**WORK INSTRUCTION:** Your task is to write out exactly the lines from the line containing "this 1542×1068 image." through the end of the records, inclusive at both ends.

========================================================================

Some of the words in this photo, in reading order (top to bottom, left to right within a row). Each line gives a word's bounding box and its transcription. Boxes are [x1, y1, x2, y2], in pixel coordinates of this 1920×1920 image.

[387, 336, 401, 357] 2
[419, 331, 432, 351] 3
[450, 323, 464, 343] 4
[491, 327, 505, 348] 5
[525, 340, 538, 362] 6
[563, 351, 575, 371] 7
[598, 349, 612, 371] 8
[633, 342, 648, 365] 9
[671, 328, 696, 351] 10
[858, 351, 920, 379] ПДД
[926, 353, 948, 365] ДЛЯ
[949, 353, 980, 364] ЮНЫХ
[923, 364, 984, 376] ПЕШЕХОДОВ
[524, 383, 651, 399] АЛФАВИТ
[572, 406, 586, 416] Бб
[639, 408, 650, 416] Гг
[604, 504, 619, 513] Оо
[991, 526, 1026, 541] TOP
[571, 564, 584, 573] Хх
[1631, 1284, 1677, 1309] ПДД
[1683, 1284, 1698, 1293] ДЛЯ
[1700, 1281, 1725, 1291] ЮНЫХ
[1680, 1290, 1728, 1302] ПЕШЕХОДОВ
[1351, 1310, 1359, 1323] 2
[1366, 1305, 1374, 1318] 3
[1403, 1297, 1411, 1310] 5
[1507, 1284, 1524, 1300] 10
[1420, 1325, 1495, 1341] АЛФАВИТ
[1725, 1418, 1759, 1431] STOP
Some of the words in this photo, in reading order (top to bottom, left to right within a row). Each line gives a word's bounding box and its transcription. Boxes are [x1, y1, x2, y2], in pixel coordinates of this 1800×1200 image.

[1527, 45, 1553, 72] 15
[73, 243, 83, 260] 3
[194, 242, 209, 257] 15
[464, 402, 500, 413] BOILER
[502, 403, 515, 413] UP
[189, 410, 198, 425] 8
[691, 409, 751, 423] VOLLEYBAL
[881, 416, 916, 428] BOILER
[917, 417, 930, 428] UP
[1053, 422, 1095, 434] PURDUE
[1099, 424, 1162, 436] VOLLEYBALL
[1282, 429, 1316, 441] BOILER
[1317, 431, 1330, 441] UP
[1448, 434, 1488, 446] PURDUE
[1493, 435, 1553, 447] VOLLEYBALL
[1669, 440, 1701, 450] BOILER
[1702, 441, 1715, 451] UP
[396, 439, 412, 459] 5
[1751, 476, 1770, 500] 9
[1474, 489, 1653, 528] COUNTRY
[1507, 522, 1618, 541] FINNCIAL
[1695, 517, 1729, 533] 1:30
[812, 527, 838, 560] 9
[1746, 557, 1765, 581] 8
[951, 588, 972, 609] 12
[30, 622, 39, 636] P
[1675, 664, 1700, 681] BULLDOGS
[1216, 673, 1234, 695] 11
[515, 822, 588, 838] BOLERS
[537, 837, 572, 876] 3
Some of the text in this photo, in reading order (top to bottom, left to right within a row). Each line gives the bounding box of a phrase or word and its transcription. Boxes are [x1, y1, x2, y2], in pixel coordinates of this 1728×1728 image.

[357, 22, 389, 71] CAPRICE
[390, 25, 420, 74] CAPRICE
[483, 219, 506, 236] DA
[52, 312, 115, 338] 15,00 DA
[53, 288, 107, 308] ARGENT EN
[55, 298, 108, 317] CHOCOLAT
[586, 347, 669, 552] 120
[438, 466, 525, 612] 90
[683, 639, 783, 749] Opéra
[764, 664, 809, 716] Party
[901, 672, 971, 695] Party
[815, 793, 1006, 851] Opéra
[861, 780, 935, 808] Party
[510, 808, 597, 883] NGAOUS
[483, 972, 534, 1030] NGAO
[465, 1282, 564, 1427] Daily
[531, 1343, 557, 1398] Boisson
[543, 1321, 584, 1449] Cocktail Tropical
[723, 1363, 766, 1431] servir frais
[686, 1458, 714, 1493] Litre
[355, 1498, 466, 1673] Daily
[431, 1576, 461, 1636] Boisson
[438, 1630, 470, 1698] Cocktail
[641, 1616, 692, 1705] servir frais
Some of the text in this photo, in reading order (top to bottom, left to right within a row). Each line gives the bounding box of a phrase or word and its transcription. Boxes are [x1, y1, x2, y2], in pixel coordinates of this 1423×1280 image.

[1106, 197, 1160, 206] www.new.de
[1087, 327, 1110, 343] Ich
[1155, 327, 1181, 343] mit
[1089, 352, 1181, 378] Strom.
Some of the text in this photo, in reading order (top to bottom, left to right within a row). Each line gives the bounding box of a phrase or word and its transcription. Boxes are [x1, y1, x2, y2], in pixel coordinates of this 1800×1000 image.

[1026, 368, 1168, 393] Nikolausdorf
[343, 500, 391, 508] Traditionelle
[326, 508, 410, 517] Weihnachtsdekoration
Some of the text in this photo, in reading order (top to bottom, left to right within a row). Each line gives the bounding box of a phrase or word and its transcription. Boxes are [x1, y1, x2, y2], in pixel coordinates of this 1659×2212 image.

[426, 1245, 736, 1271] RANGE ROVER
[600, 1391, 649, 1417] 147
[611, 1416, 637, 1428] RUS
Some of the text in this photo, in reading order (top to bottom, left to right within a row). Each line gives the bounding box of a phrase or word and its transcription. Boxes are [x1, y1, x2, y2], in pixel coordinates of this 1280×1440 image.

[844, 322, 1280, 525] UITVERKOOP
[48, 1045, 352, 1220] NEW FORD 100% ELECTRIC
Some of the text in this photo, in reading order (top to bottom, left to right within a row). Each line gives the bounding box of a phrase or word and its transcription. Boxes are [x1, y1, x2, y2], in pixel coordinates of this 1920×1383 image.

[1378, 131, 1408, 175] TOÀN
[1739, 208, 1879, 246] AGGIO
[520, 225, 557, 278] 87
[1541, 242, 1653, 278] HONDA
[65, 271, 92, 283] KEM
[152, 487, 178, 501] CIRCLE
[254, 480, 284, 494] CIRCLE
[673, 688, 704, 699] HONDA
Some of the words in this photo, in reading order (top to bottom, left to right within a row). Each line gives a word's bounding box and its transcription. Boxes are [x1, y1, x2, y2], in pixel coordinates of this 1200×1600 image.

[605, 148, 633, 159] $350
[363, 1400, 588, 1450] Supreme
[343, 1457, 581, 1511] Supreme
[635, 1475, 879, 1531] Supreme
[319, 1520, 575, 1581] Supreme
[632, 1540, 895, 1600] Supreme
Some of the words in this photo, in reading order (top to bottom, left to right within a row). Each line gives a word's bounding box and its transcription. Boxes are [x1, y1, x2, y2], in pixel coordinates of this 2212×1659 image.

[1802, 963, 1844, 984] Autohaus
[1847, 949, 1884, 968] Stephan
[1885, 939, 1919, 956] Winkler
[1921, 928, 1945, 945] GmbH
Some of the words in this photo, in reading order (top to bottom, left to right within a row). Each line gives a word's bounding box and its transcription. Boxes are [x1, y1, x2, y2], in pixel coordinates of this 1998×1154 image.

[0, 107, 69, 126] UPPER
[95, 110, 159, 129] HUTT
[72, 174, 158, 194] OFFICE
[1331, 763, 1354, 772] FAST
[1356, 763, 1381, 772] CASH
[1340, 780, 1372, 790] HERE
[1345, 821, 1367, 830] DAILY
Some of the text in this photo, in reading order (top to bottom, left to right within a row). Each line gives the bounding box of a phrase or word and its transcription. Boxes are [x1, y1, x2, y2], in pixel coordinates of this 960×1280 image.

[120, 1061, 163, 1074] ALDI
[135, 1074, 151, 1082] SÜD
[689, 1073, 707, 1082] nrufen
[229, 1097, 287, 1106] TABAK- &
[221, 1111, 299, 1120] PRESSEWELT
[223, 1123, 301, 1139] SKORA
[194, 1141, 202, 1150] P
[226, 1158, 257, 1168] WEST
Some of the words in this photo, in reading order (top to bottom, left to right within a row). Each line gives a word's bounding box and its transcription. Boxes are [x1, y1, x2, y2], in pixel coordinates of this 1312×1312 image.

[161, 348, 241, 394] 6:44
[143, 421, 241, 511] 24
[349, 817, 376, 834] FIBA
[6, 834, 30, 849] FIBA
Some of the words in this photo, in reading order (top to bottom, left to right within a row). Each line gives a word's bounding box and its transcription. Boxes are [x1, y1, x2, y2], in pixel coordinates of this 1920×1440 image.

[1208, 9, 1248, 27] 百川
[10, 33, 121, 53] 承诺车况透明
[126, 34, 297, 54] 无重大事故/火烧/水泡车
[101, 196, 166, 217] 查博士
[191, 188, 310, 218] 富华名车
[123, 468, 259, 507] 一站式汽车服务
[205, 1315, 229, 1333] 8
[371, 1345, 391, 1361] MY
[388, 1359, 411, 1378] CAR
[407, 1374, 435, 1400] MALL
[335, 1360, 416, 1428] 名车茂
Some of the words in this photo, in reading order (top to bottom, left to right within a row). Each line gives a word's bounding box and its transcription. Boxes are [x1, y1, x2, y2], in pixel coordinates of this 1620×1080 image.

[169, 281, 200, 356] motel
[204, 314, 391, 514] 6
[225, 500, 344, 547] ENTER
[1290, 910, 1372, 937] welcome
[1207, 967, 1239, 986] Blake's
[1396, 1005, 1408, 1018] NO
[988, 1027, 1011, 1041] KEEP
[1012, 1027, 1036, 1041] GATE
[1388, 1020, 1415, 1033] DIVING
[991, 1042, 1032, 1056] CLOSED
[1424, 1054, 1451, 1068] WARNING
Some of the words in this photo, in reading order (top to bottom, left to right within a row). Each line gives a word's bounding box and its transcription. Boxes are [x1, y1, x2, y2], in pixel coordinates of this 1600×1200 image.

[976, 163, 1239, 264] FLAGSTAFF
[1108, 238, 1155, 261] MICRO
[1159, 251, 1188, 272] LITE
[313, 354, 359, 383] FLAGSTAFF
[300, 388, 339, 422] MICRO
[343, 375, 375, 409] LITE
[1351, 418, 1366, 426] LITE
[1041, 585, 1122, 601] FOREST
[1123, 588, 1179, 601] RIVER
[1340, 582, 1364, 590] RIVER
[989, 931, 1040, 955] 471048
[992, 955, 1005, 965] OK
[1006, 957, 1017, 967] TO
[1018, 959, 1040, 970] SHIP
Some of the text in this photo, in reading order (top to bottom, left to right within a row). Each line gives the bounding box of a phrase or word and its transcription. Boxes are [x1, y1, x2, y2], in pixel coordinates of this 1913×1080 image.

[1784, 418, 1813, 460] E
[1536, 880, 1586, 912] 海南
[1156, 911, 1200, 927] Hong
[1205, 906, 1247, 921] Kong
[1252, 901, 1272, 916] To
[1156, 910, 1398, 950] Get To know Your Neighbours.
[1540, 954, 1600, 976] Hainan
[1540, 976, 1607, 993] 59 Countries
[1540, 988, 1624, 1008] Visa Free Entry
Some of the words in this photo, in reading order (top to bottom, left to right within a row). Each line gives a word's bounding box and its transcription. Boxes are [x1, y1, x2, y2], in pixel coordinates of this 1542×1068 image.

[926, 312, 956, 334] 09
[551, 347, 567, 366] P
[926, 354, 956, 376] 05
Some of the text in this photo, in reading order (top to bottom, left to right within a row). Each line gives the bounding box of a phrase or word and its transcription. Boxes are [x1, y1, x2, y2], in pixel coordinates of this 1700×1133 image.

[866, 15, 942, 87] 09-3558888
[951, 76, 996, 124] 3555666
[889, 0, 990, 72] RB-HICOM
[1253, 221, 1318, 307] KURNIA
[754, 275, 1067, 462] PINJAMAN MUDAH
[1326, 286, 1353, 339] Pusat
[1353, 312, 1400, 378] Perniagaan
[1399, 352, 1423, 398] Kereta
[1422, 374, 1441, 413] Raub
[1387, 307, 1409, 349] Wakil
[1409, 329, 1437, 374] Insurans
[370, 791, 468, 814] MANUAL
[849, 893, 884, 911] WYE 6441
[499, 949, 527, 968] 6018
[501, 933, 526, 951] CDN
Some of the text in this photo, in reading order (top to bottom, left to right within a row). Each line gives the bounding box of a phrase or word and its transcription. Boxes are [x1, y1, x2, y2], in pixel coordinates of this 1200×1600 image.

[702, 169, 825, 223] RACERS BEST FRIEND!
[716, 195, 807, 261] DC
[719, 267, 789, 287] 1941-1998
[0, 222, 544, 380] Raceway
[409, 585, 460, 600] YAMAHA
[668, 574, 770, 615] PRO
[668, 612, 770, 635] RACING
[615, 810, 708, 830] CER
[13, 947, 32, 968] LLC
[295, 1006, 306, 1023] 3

========================================================================

**REPLY TO THE EXERCISE:**
Some of the words in this photo, in reading order (top to bottom, left to right within a row). Each line gives a word's bounding box and its transcription. Boxes are [x1, y1, x2, y2], in pixel coordinates of this 1542×1068 image.

[926, 312, 956, 334] 09
[551, 347, 567, 366] P
[926, 354, 956, 376] 05
Some of the text in this photo, in reading order (top to bottom, left to right within a row). Each line gives the bounding box of a phrase or word and its transcription. Boxes are [x1, y1, x2, y2], in pixel coordinates of this 1700×1133 image.

[866, 15, 942, 87] 09-3558888
[951, 76, 996, 124] 3555666
[889, 0, 990, 72] RB-HICOM
[1253, 221, 1318, 307] KURNIA
[754, 275, 1067, 462] PINJAMAN MUDAH
[1326, 286, 1353, 339] Pusat
[1353, 312, 1400, 378] Perniagaan
[1399, 352, 1423, 398] Kereta
[1422, 374, 1441, 413] Raub
[1387, 307, 1409, 349] Wakil
[1409, 329, 1437, 374] Insurans
[370, 791, 468, 814] MANUAL
[849, 893, 884, 911] WYE 6441
[499, 949, 527, 968] 6018
[501, 933, 526, 951] CDN
Some of the text in this photo, in reading order (top to bottom, left to right within a row). Each line gives the bounding box of a phrase or word and its transcription. Boxes are [x1, y1, x2, y2], in pixel coordinates of this 1200×1600 image.

[702, 169, 825, 223] RACERS BEST FRIEND!
[716, 195, 807, 261] DC
[719, 267, 789, 287] 1941-1998
[0, 222, 544, 380] Raceway
[409, 585, 460, 600] YAMAHA
[668, 574, 770, 615] PRO
[668, 612, 770, 635] RACING
[615, 810, 708, 830] CER
[13, 947, 32, 968] LLC
[295, 1006, 306, 1023] 3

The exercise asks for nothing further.